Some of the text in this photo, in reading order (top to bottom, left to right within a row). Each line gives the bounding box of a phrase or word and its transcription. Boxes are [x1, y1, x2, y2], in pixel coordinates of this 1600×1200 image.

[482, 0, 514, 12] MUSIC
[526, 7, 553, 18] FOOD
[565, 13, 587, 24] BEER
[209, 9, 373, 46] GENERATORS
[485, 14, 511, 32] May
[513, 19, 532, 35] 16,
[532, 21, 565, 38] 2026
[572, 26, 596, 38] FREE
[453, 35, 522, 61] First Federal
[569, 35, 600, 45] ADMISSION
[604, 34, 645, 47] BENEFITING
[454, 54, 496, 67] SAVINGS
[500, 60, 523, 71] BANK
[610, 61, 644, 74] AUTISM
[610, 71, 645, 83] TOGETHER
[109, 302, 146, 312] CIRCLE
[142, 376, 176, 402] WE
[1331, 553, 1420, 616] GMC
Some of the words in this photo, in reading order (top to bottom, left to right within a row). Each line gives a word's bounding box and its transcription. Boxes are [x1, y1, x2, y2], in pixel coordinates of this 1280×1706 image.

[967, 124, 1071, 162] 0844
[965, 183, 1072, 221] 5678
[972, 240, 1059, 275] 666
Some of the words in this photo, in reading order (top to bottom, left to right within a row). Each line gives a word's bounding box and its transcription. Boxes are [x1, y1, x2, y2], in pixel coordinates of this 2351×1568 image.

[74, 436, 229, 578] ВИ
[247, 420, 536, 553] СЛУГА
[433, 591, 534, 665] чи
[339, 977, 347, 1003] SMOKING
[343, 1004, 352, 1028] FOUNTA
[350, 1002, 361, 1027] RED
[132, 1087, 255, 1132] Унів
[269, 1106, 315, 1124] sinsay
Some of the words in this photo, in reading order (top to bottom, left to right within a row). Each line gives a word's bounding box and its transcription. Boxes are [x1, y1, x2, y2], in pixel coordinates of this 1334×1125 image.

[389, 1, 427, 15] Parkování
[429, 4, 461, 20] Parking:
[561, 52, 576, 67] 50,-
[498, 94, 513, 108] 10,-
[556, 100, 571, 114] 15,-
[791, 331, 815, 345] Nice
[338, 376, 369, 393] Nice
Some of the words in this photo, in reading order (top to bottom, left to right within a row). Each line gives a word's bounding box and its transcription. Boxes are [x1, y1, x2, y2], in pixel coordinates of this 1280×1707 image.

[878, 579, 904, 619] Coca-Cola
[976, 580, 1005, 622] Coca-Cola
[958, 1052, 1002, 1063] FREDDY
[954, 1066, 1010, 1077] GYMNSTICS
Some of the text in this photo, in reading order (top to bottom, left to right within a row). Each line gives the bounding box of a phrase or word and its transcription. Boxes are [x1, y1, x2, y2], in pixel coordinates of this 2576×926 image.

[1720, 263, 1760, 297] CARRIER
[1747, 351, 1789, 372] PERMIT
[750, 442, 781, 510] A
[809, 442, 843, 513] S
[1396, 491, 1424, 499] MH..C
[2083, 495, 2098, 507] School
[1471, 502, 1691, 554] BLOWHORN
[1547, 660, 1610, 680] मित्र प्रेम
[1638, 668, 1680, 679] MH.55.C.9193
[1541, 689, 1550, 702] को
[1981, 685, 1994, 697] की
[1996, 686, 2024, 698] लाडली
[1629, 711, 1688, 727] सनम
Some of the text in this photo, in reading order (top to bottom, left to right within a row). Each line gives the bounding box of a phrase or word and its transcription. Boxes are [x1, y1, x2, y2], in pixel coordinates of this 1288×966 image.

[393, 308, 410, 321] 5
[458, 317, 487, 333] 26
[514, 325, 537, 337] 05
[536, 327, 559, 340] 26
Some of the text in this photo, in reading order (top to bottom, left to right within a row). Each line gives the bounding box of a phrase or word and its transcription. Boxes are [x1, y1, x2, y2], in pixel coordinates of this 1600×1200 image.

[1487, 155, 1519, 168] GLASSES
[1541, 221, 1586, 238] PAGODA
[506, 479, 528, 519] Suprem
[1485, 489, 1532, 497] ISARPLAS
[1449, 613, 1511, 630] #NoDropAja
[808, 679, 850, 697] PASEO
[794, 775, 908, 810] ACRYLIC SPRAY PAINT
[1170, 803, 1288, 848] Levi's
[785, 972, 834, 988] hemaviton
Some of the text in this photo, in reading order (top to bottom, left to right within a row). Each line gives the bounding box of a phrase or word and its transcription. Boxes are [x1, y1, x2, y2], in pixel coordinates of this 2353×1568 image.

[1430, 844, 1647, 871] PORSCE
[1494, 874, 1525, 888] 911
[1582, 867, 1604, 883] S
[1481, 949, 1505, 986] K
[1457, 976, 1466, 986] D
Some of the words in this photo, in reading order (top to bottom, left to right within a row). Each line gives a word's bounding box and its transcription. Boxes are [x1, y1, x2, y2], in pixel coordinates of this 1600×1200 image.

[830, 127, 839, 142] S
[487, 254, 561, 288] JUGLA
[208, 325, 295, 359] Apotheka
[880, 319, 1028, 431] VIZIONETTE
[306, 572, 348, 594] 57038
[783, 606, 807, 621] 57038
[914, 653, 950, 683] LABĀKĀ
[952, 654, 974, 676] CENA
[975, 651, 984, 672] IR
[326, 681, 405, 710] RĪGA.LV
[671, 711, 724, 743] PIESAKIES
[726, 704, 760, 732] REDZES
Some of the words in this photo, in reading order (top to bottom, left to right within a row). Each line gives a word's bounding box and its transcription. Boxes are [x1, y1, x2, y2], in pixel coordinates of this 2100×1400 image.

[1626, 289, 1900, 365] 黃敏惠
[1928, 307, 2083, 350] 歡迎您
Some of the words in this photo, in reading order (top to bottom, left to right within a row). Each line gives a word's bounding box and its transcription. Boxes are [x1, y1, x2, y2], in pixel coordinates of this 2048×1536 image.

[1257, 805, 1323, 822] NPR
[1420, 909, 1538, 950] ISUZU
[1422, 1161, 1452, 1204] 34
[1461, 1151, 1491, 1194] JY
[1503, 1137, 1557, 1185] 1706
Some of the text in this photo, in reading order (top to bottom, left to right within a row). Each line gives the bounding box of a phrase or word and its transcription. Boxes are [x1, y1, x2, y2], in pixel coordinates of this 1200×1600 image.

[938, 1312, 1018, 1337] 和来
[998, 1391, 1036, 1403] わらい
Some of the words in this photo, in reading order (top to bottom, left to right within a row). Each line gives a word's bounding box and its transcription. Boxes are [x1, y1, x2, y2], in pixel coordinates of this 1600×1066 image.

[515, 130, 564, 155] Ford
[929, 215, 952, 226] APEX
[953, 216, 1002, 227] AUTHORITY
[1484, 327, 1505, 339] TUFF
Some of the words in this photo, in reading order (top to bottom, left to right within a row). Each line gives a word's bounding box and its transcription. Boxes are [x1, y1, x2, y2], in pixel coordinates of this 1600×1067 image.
▬▬▬
**ACTION ITEM:** Reproduce all of the entries word for word. Omit nothing.

**OUTPUT OF THE EXERCISE:**
Some of the text in this photo, in reading order (top to bottom, left to right within a row). Each line gives the bounding box of a phrase or word and its transcription. Boxes are [x1, y1, x2, y2], in pixel coordinates of this 1600×1200 image.

[482, 0, 514, 12] MUSIC
[526, 7, 553, 18] FOOD
[565, 13, 587, 24] BEER
[209, 9, 373, 46] GENERATORS
[485, 14, 511, 32] May
[513, 19, 532, 35] 16,
[532, 21, 565, 38] 2026
[572, 26, 596, 38] FREE
[453, 35, 522, 61] First Federal
[569, 35, 600, 45] ADMISSION
[604, 34, 645, 47] BENEFITING
[454, 54, 496, 67] SAVINGS
[500, 60, 523, 71] BANK
[610, 61, 644, 74] AUTISM
[610, 71, 645, 83] TOGETHER
[109, 302, 146, 312] CIRCLE
[142, 376, 176, 402] WE
[1331, 553, 1420, 616] GMC
Some of the words in this photo, in reading order (top to bottom, left to right within a row). Each line gives a word's bounding box and its transcription. Boxes are [x1, y1, x2, y2], in pixel coordinates of this 1280×1706 image.

[967, 124, 1071, 162] 0844
[965, 183, 1072, 221] 5678
[972, 240, 1059, 275] 666
Some of the words in this photo, in reading order (top to bottom, left to right within a row). Each line gives a word's bounding box and its transcription. Boxes are [x1, y1, x2, y2], in pixel coordinates of this 2351×1568 image.

[74, 436, 229, 578] ВИ
[247, 420, 536, 553] СЛУГА
[433, 591, 534, 665] чи
[339, 977, 347, 1003] SMOKING
[343, 1004, 352, 1028] FOUNTA
[350, 1002, 361, 1027] RED
[132, 1087, 255, 1132] Унів
[269, 1106, 315, 1124] sinsay
Some of the words in this photo, in reading order (top to bottom, left to right within a row). Each line gives a word's bounding box and its transcription. Boxes are [x1, y1, x2, y2], in pixel coordinates of this 1334×1125 image.

[389, 1, 427, 15] Parkování
[429, 4, 461, 20] Parking:
[561, 52, 576, 67] 50,-
[498, 94, 513, 108] 10,-
[556, 100, 571, 114] 15,-
[791, 331, 815, 345] Nice
[338, 376, 369, 393] Nice
Some of the words in this photo, in reading order (top to bottom, left to right within a row). Each line gives a word's bounding box and its transcription. Boxes are [x1, y1, x2, y2], in pixel coordinates of this 1280×1707 image.

[878, 579, 904, 619] Coca-Cola
[976, 580, 1005, 622] Coca-Cola
[958, 1052, 1002, 1063] FREDDY
[954, 1066, 1010, 1077] GYMNSTICS
Some of the text in this photo, in reading order (top to bottom, left to right within a row). Each line gives the bounding box of a phrase or word and its transcription. Boxes are [x1, y1, x2, y2], in pixel coordinates of this 2576×926 image.

[1720, 263, 1760, 297] CARRIER
[1747, 351, 1789, 372] PERMIT
[750, 442, 781, 510] A
[809, 442, 843, 513] S
[1396, 491, 1424, 499] MH..C
[2083, 495, 2098, 507] School
[1471, 502, 1691, 554] BLOWHORN
[1547, 660, 1610, 680] मित्र प्रेम
[1638, 668, 1680, 679] MH.55.C.9193
[1541, 689, 1550, 702] को
[1981, 685, 1994, 697] की
[1996, 686, 2024, 698] लाडली
[1629, 711, 1688, 727] सनम
Some of the text in this photo, in reading order (top to bottom, left to right within a row). Each line gives the bounding box of a phrase or word and its transcription. Boxes are [x1, y1, x2, y2], in pixel coordinates of this 1288×966 image.

[393, 308, 410, 321] 5
[458, 317, 487, 333] 26
[514, 325, 537, 337] 05
[536, 327, 559, 340] 26
Some of the text in this photo, in reading order (top to bottom, left to right within a row). Each line gives the bounding box of a phrase or word and its transcription. Boxes are [x1, y1, x2, y2], in pixel coordinates of this 1600×1200 image.

[1487, 155, 1519, 168] GLASSES
[1541, 221, 1586, 238] PAGODA
[506, 479, 528, 519] Suprem
[1485, 489, 1532, 497] ISARPLAS
[1449, 613, 1511, 630] #NoDropAja
[808, 679, 850, 697] PASEO
[794, 775, 908, 810] ACRYLIC SPRAY PAINT
[1170, 803, 1288, 848] Levi's
[785, 972, 834, 988] hemaviton
Some of the text in this photo, in reading order (top to bottom, left to right within a row). Each line gives the bounding box of a phrase or word and its transcription. Boxes are [x1, y1, x2, y2], in pixel coordinates of this 2353×1568 image.

[1430, 844, 1647, 871] PORSCE
[1494, 874, 1525, 888] 911
[1582, 867, 1604, 883] S
[1481, 949, 1505, 986] K
[1457, 976, 1466, 986] D
Some of the words in this photo, in reading order (top to bottom, left to right within a row). Each line gives a word's bounding box and its transcription. Boxes are [x1, y1, x2, y2], in pixel coordinates of this 1600×1200 image.

[830, 127, 839, 142] S
[487, 254, 561, 288] JUGLA
[208, 325, 295, 359] Apotheka
[880, 319, 1028, 431] VIZIONETTE
[306, 572, 348, 594] 57038
[783, 606, 807, 621] 57038
[914, 653, 950, 683] LABĀKĀ
[952, 654, 974, 676] CENA
[975, 651, 984, 672] IR
[326, 681, 405, 710] RĪGA.LV
[671, 711, 724, 743] PIESAKIES
[726, 704, 760, 732] REDZES
Some of the words in this photo, in reading order (top to bottom, left to right within a row). Each line gives a word's bounding box and its transcription. Boxes are [x1, y1, x2, y2], in pixel coordinates of this 2100×1400 image.

[1626, 289, 1900, 365] 黃敏惠
[1928, 307, 2083, 350] 歡迎您
Some of the words in this photo, in reading order (top to bottom, left to right within a row). Each line gives a word's bounding box and its transcription. Boxes are [x1, y1, x2, y2], in pixel coordinates of this 2048×1536 image.

[1257, 805, 1323, 822] NPR
[1420, 909, 1538, 950] ISUZU
[1422, 1161, 1452, 1204] 34
[1461, 1151, 1491, 1194] JY
[1503, 1137, 1557, 1185] 1706
Some of the text in this photo, in reading order (top to bottom, left to right within a row). Each line gives the bounding box of a phrase or word and its transcription. Boxes are [x1, y1, x2, y2], in pixel coordinates of this 1200×1600 image.

[938, 1312, 1018, 1337] 和来
[998, 1391, 1036, 1403] わらい
Some of the words in this photo, in reading order (top to bottom, left to right within a row). Each line gives a word's bounding box and its transcription. Boxes are [x1, y1, x2, y2], in pixel coordinates of this 1600×1066 image.

[515, 130, 564, 155] Ford
[929, 215, 952, 226] APEX
[953, 216, 1002, 227] AUTHORITY
[1484, 327, 1505, 339] TUFF
Some of the words in this photo, in reading order (top to bottom, left to right within a row). Each line gives a word's bounding box and its transcription. Boxes are [x1, y1, x2, y2], in pixel coordinates of this 1600×1067 image.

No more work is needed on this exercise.